Dr. Surrallés has supervised over 45 research grants as Principal Investigator awarded from public and private institutions world-wide including Catalan, Spanish, European, American and Australian institutions, adding up to >5M euros of competitive funding in the last 10 years. Prof. Surrallés is inventor of 5 patents, leads a number of contracts with private foundations and biotech-pharma companies including Moderna, Rocket, Roche, Boehringer Ingelheim, Genzyme, Merck and others. He has given tens of invited lectures in international meetings world-wide and published >130 publications including articles in Nature, Nature Communications, Nature Medicine, Cell Stem Cells, Blood, Gastroenterology, Am J Hum Genet, Genes and Dev and PNAS (>11.300 citations, H factor of 52).
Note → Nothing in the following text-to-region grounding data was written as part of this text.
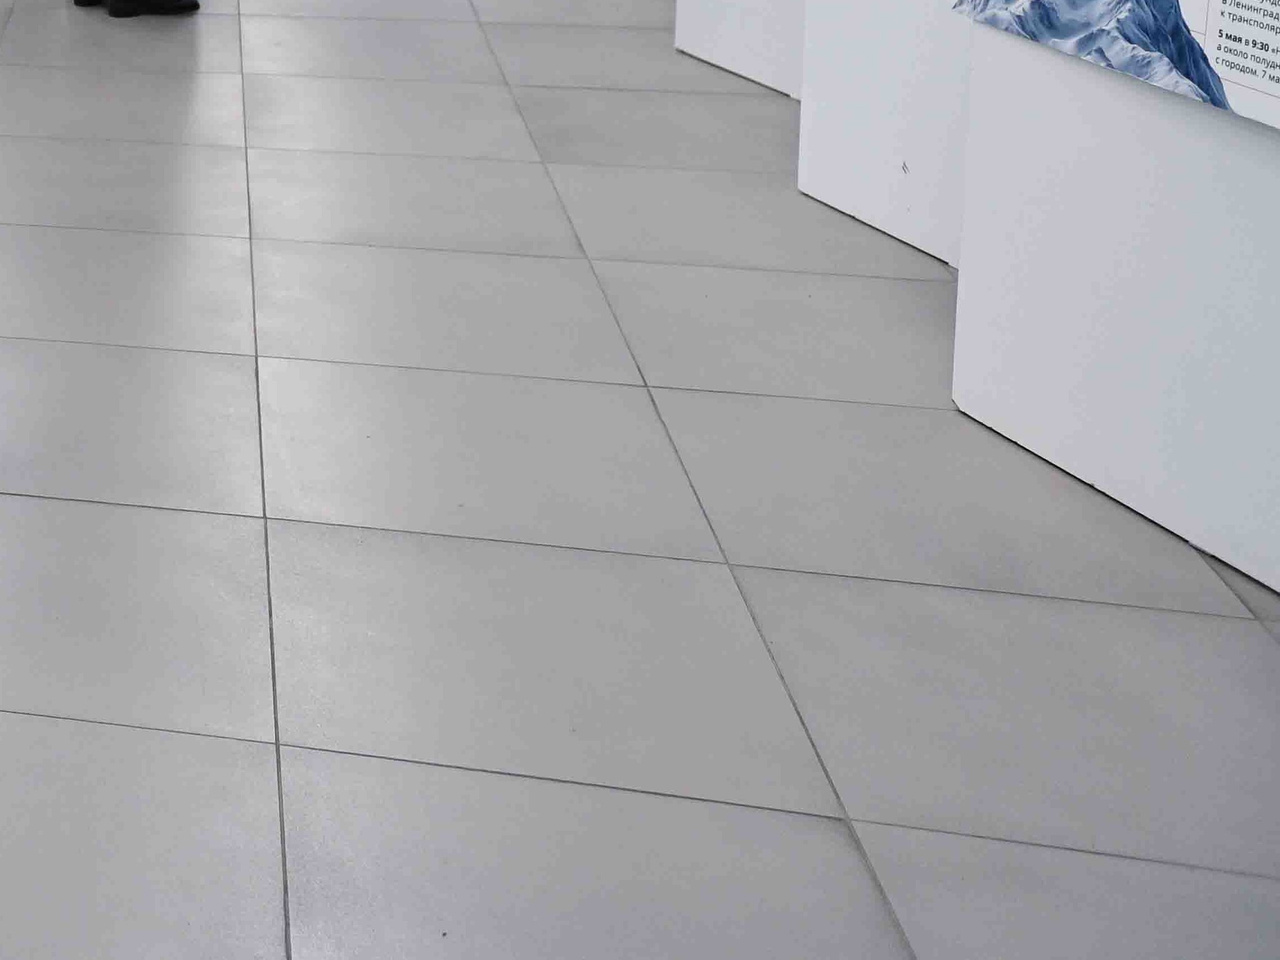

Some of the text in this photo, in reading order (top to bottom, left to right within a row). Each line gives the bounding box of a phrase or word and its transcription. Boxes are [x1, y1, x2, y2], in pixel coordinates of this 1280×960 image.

[1218, 29, 1269, 52] 5 мая 9:30
[1224, 46, 1249, 60] около
[1221, 58, 1267, 79] городом. 7
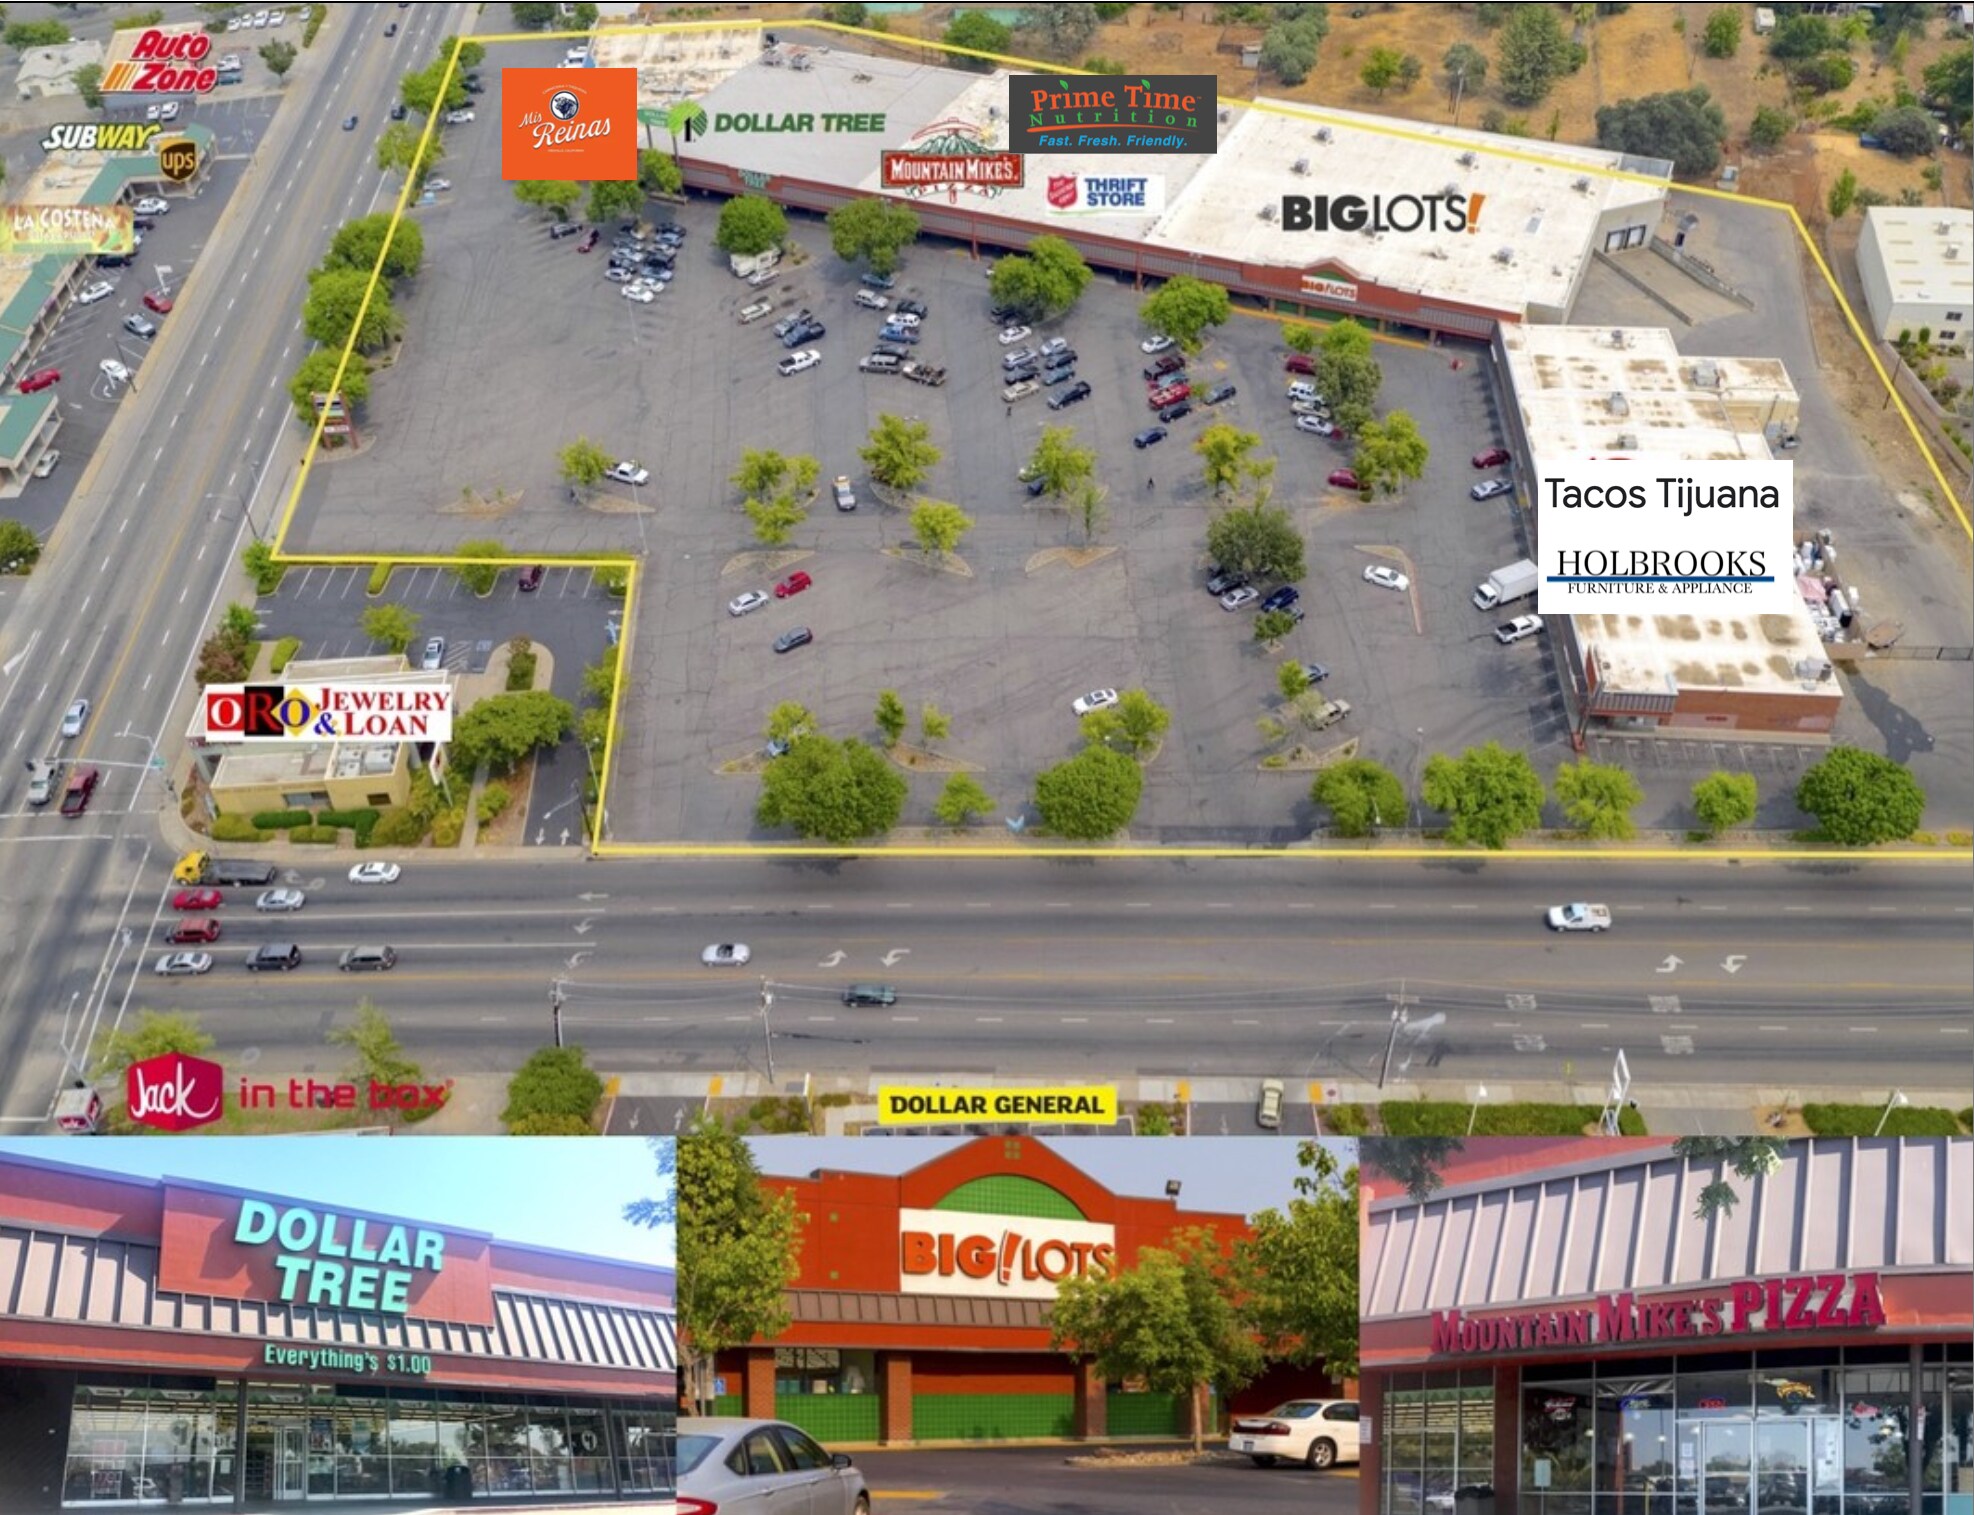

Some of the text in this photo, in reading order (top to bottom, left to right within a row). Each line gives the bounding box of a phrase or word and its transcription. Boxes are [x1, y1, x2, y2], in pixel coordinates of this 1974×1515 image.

[234, 1198, 446, 1272] DOLLAR
[275, 1254, 412, 1314] TREE
[1430, 1272, 1888, 1354] MOUNTAIN MIKE'S PIZZA
[264, 1344, 432, 1375] Everything's $1.00
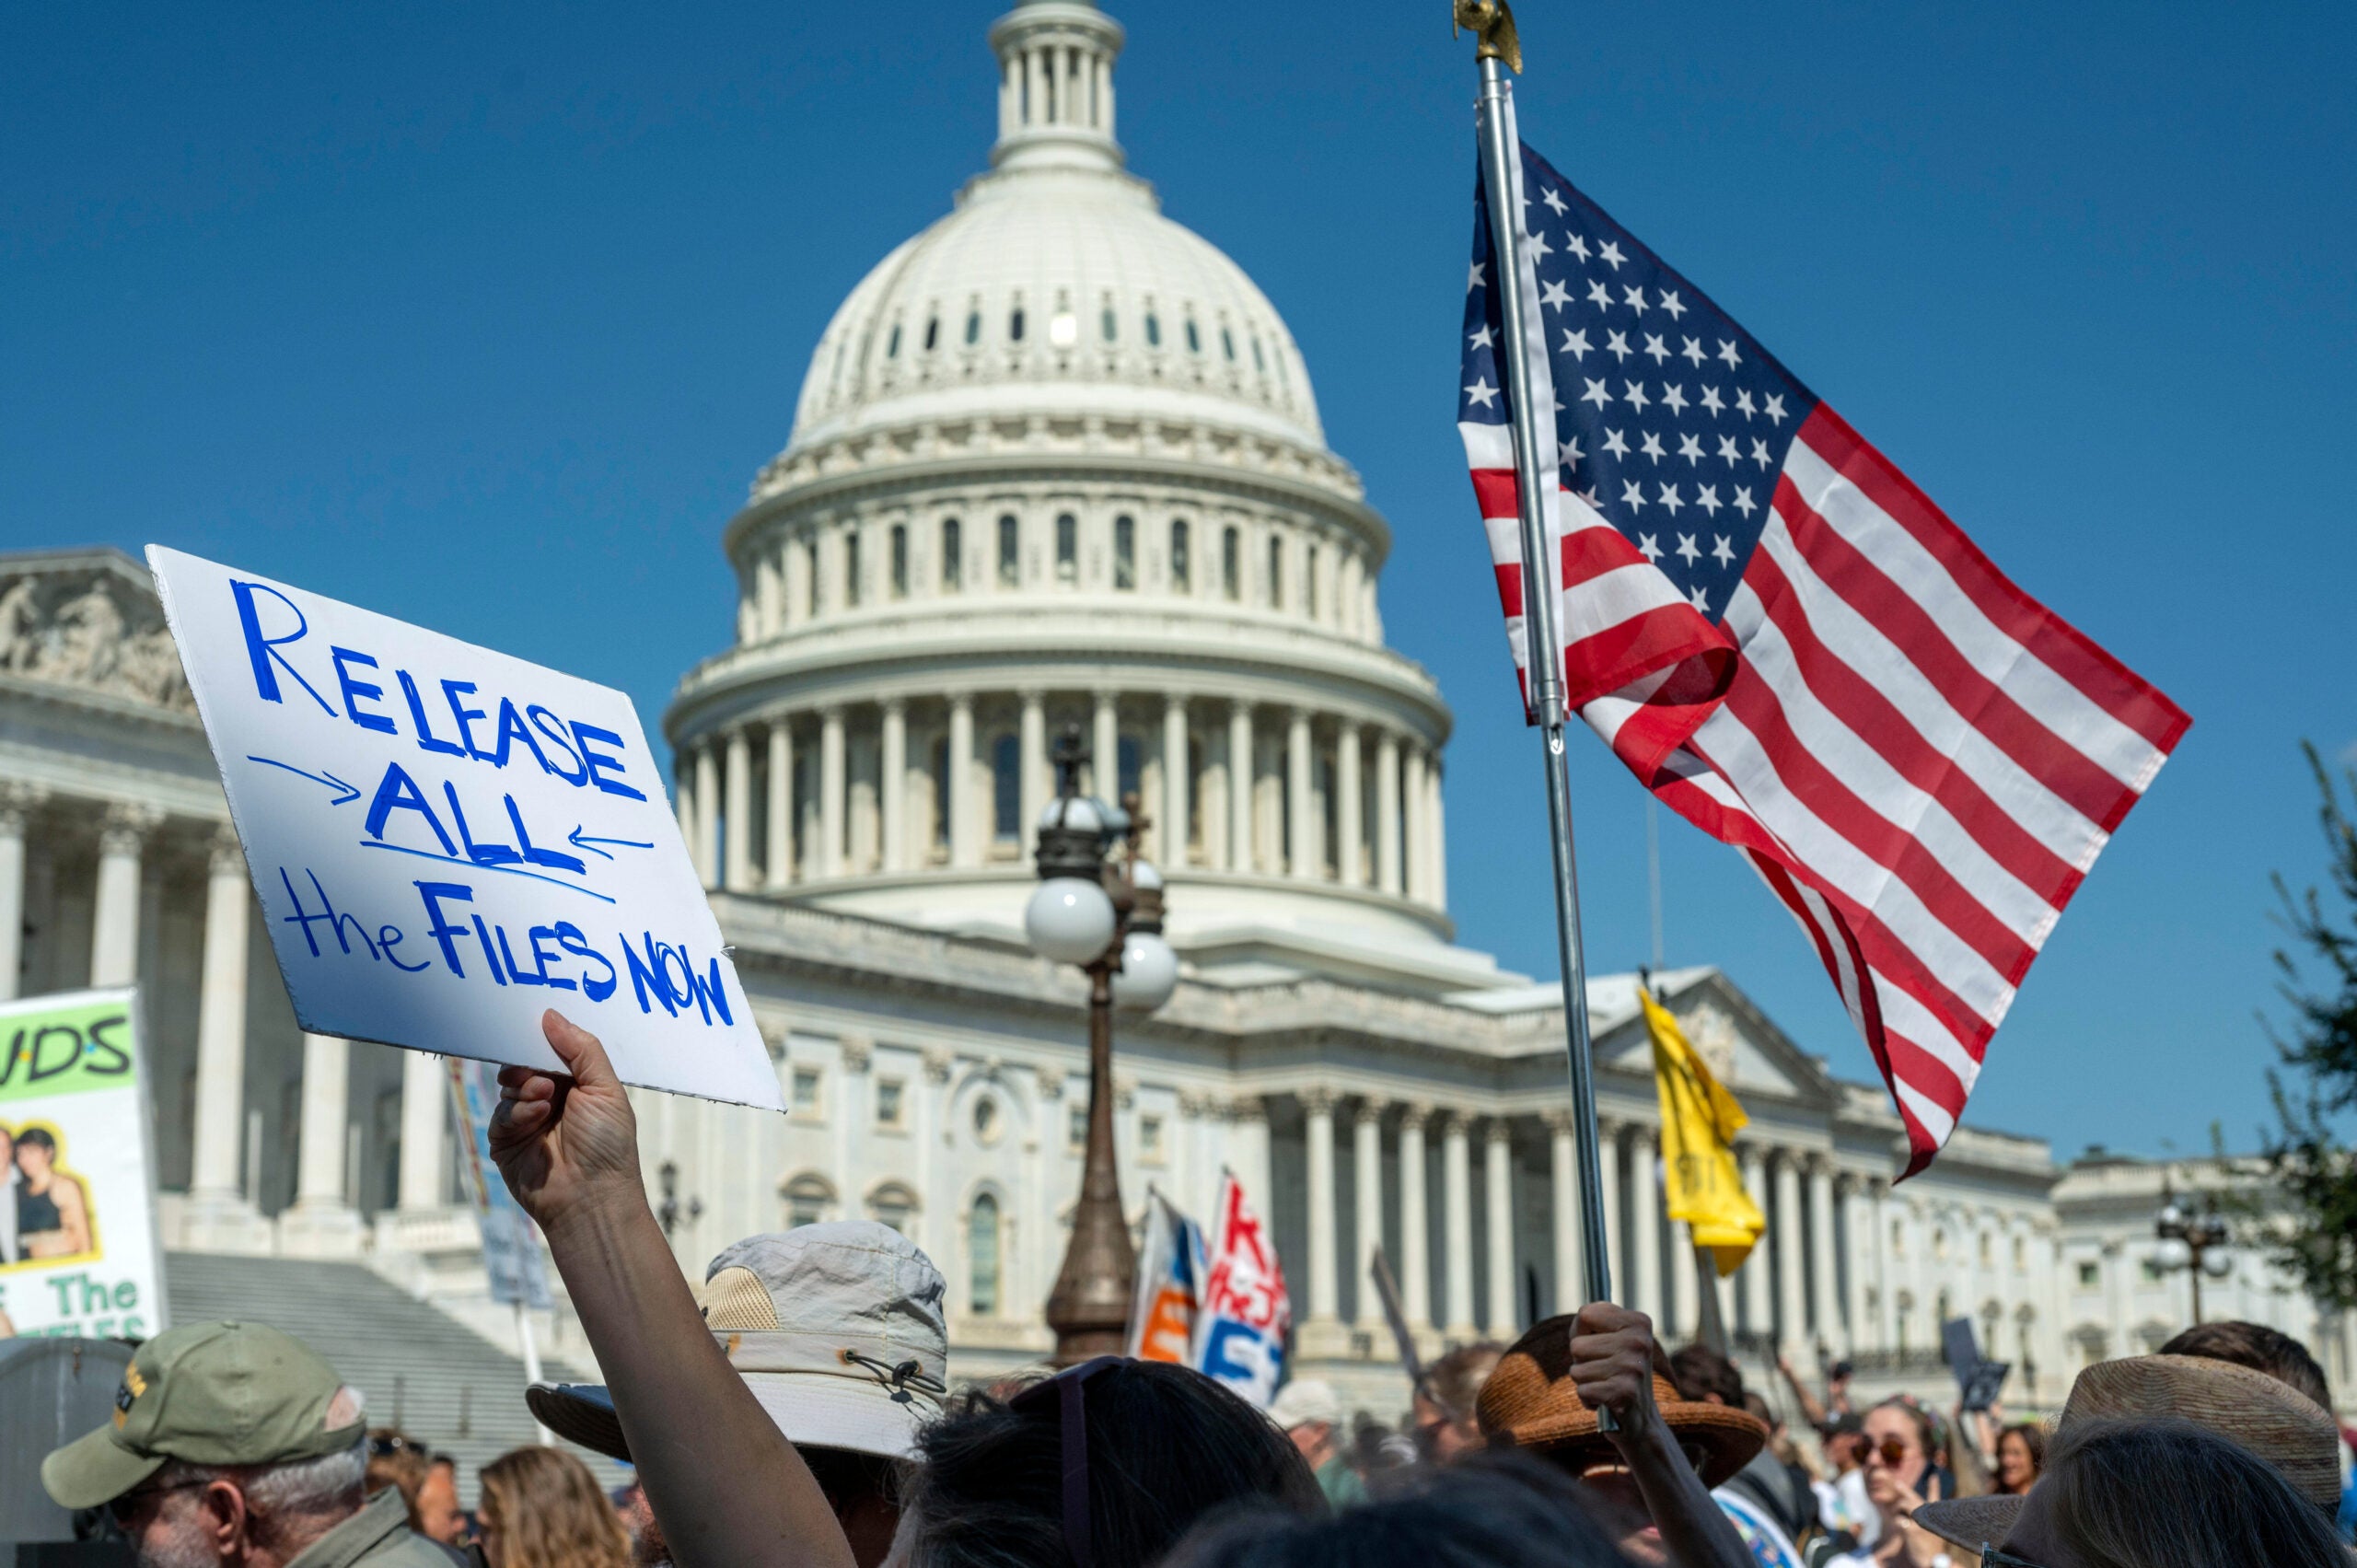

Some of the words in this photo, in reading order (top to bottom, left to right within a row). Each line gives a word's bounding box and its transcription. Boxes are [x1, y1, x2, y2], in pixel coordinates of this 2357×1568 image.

He had supervised 20 PhD students and tens of Master Degree Students. He is reviewer of tens of scientific journals including Science, Nature, Molecular Cell Biology or Blood and Referee of multiple national and international funding agencies including European Research Council (EU), Agence Nationale de la Recherche-ANR (France), Agència de Gestió d’Ajuts Universitarisi de Recerca (AGAUR), ANEP (Ministerio de Ciencia y Tecnología), Cancer Research UK (UK), Commission of the European Union, Selection Board Subcommittee on Genetic Diseases and Cancer of the ISCIII (Spanish Ministry of Science and Innovation), Dutch Cancer Society (The Netherlands), Fanconi Cancer Fundation (USA), German-Israeli Fundation for Scientic Research and Development (Germany), INSERM (France), and the French National Cancer Institute (France).

Abstract: Fanconi anemia (FA) is a chromosome instability disorder characterized at the clinical level by malformations, progressive bone marrow failure and a high predisposition to leukemia, head and neck squamous cell carcinoma (HNSCC) and other tumors. FA cells show chromosome fragility and hypersensitivity to DNA interstrand cross-linking (ICL) mutagens due to deficiency in ICL repair. FA HNSCCs are therefore difficult to treat due to extreme toxicity of conventional genotoxic chemotherapies such as cisplatin. Extensive research is underway to genetically and functionally characterize FA tumors in search of therapeutic vulnerabilities. Therapeutic advances to induce cancer specific lethality based on a deep understanding of the genetics of FA and FA cancers will be shown with a focus on drug screening for the discovery and repurposing of afatinib from advanced lung cancer in the general population to head and neck cancer in Fanconi anemia patients.